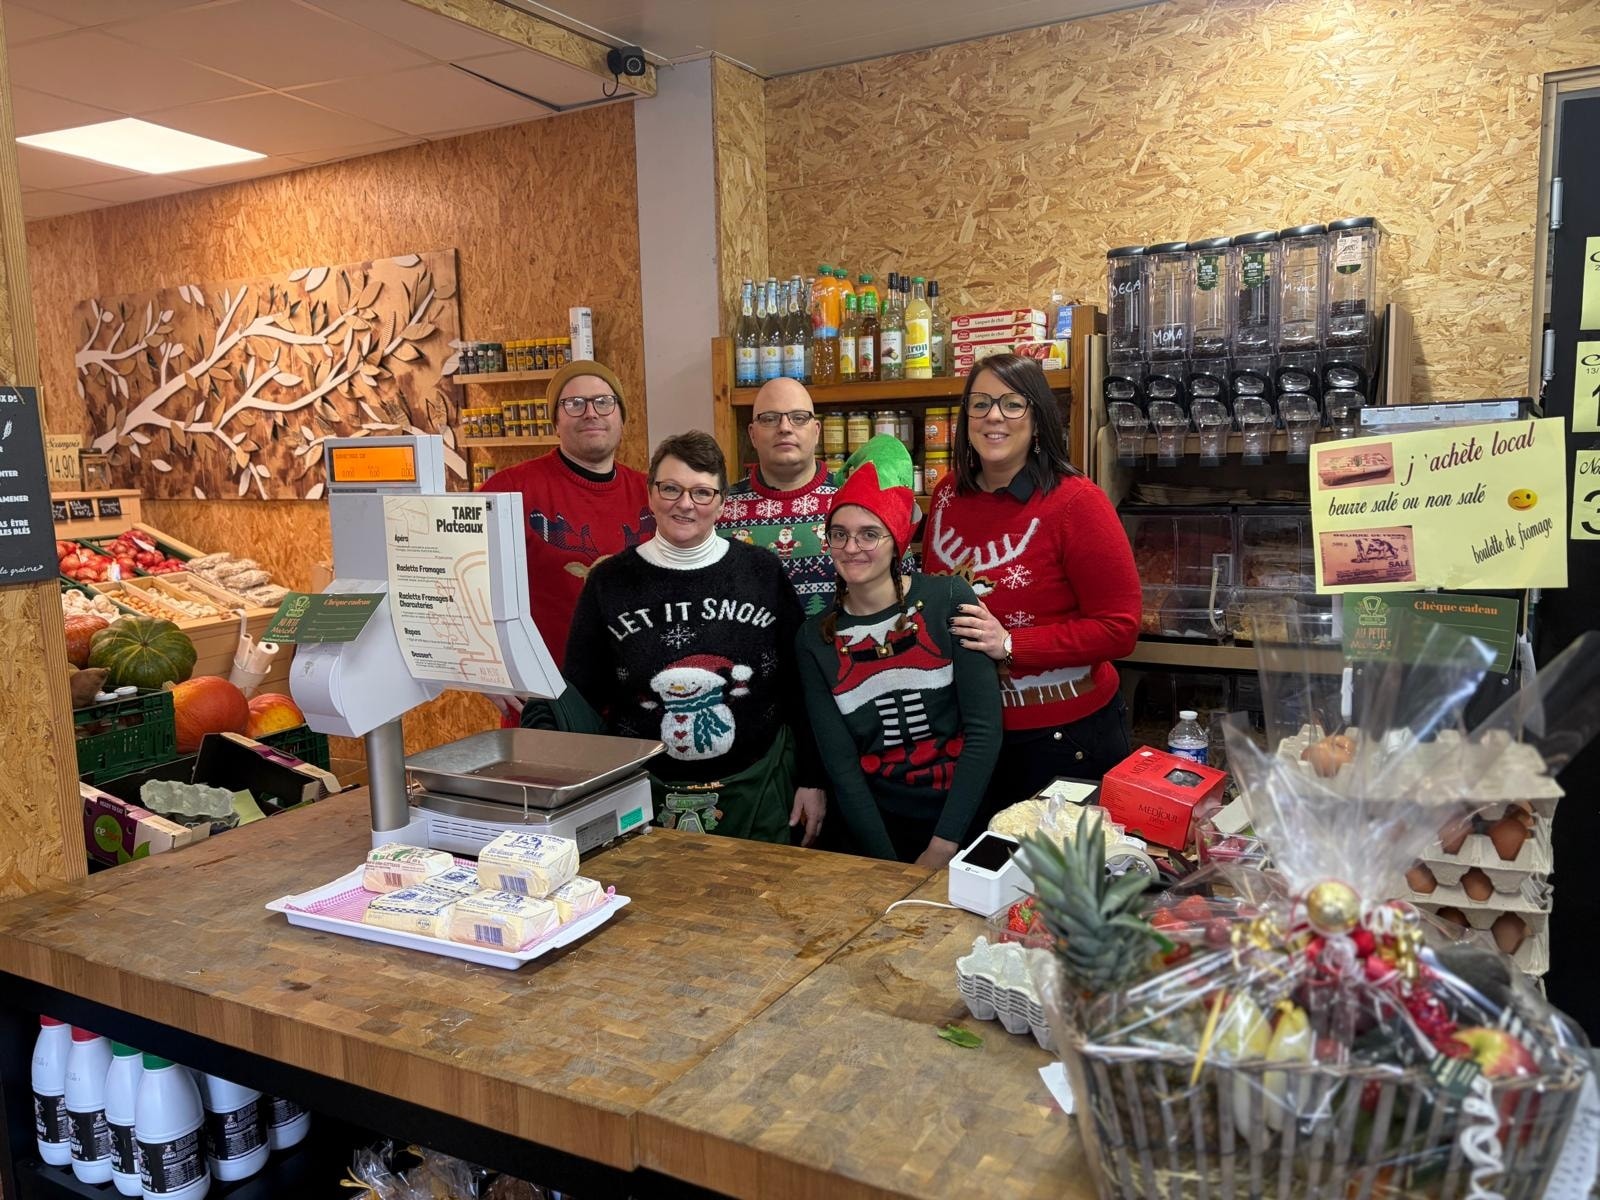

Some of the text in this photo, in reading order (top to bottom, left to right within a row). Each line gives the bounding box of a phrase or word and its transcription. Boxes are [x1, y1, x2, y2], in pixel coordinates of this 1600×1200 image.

[1152, 328, 1183, 344] MOKA
[1491, 421, 1535, 457] local
[1328, 482, 1487, 517] beurre salé ou non salé
[452, 506, 482, 520] TARIF
[11, 518, 29, 527] ÊTRE
[436, 519, 483, 534] Plateaux
[1471, 517, 1554, 564] boulette de fromage
[396, 563, 446, 575] Raclette Fromages
[398, 591, 421, 601] Raclette
[421, 594, 449, 604] Fromages
[399, 600, 434, 609] Charcuteries
[1414, 600, 1498, 615] Chèque cadeau
[607, 597, 776, 642] LET IT SNOW
[411, 650, 433, 659] Dessert
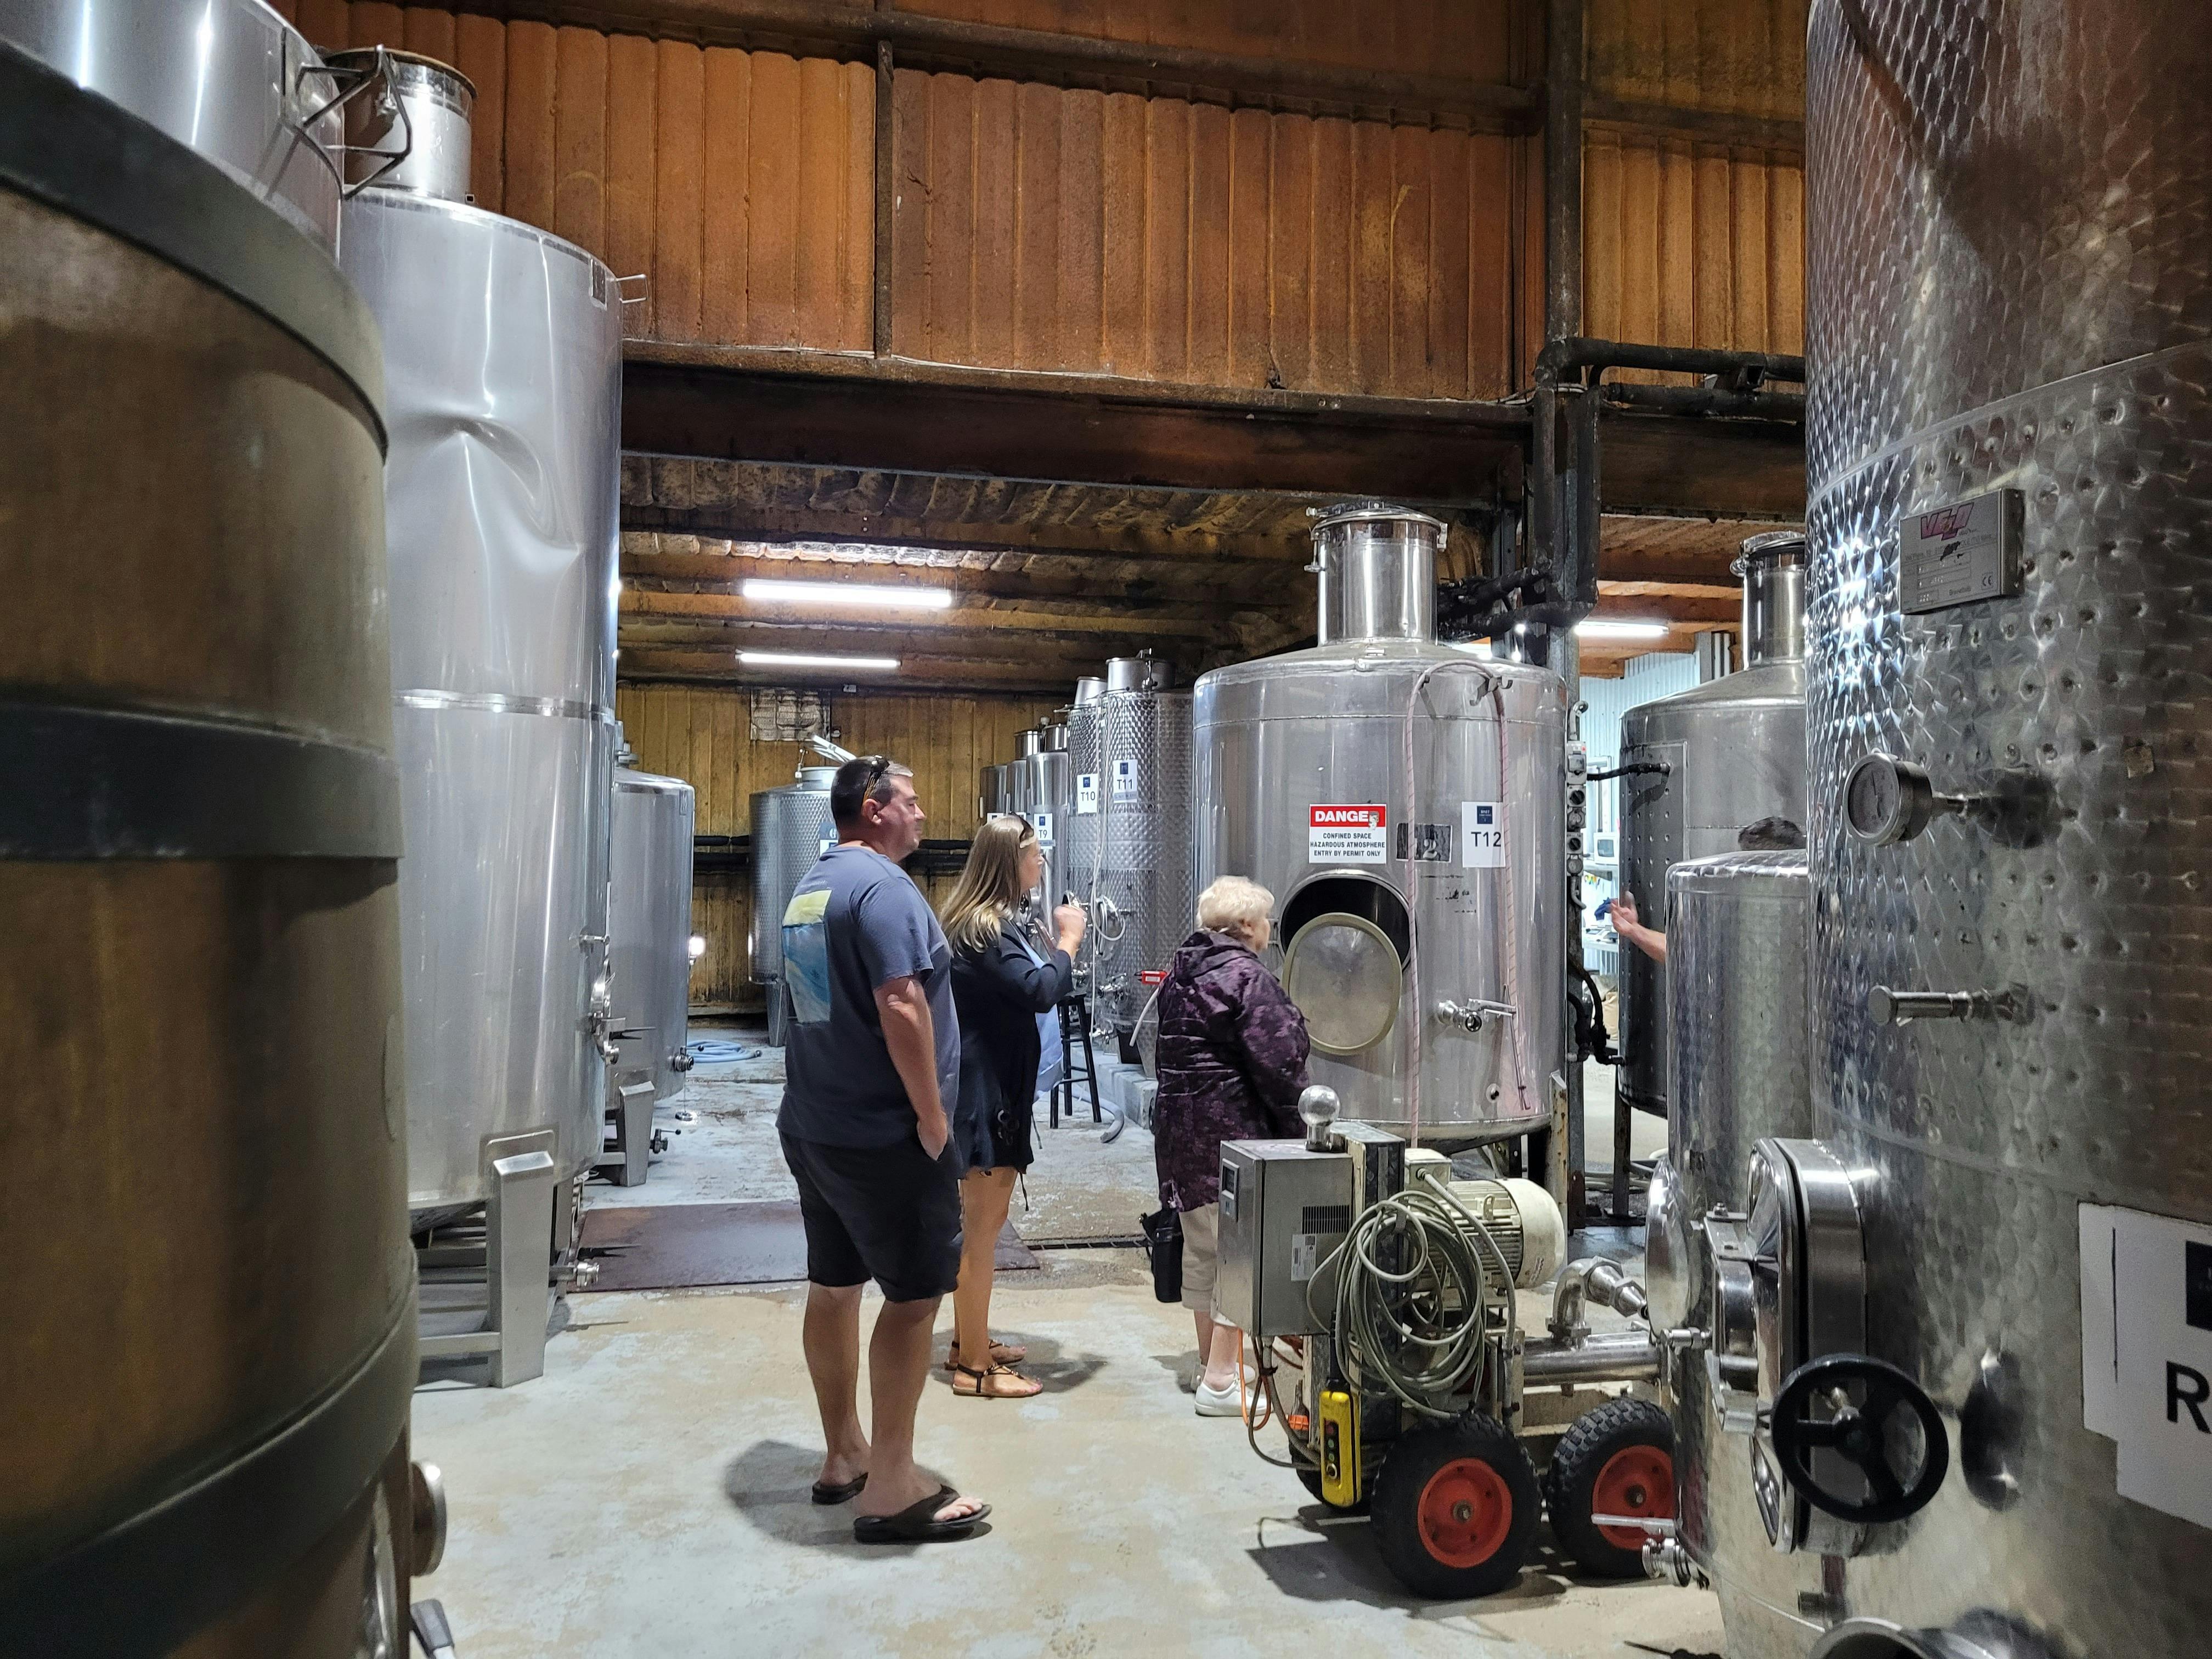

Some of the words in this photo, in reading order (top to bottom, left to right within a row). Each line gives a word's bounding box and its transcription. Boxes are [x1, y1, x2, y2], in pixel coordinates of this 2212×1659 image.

[1116, 779, 1132, 790] T11
[1080, 791, 1096, 802] T10
[1315, 810, 1379, 822] DANGE
[1039, 830, 1047, 838] T9
[1471, 831, 1502, 847] T12

* * * * * * * * *

What you return should match the material line for line, with the images removed.

Written solution:
Some of the text in this photo, in reading order (top to bottom, left to right within a row). Each line gives the bounding box of a phrase or word and its transcription. Boxes are [x1, y1, x2, y2], in pixel coordinates of this 1600×1200 image.

[1152, 328, 1183, 344] MOKA
[1491, 421, 1535, 457] local
[1328, 482, 1487, 517] beurre salé ou non salé
[452, 506, 482, 520] TARIF
[11, 518, 29, 527] ÊTRE
[436, 519, 483, 534] Plateaux
[1471, 517, 1554, 564] boulette de fromage
[396, 563, 446, 575] Raclette Fromages
[398, 591, 421, 601] Raclette
[421, 594, 449, 604] Fromages
[399, 600, 434, 609] Charcuteries
[1414, 600, 1498, 615] Chèque cadeau
[607, 597, 776, 642] LET IT SNOW
[411, 650, 433, 659] Dessert

Some of the words in this photo, in reading order (top to bottom, left to right within a row). Each line gives a word's bounding box and its transcription. Boxes are [x1, y1, x2, y2], in pixel coordinates of this 2212×1659 image.

[1116, 779, 1132, 790] T11
[1080, 791, 1096, 802] T10
[1315, 810, 1379, 822] DANGE
[1039, 830, 1047, 838] T9
[1471, 831, 1502, 847] T12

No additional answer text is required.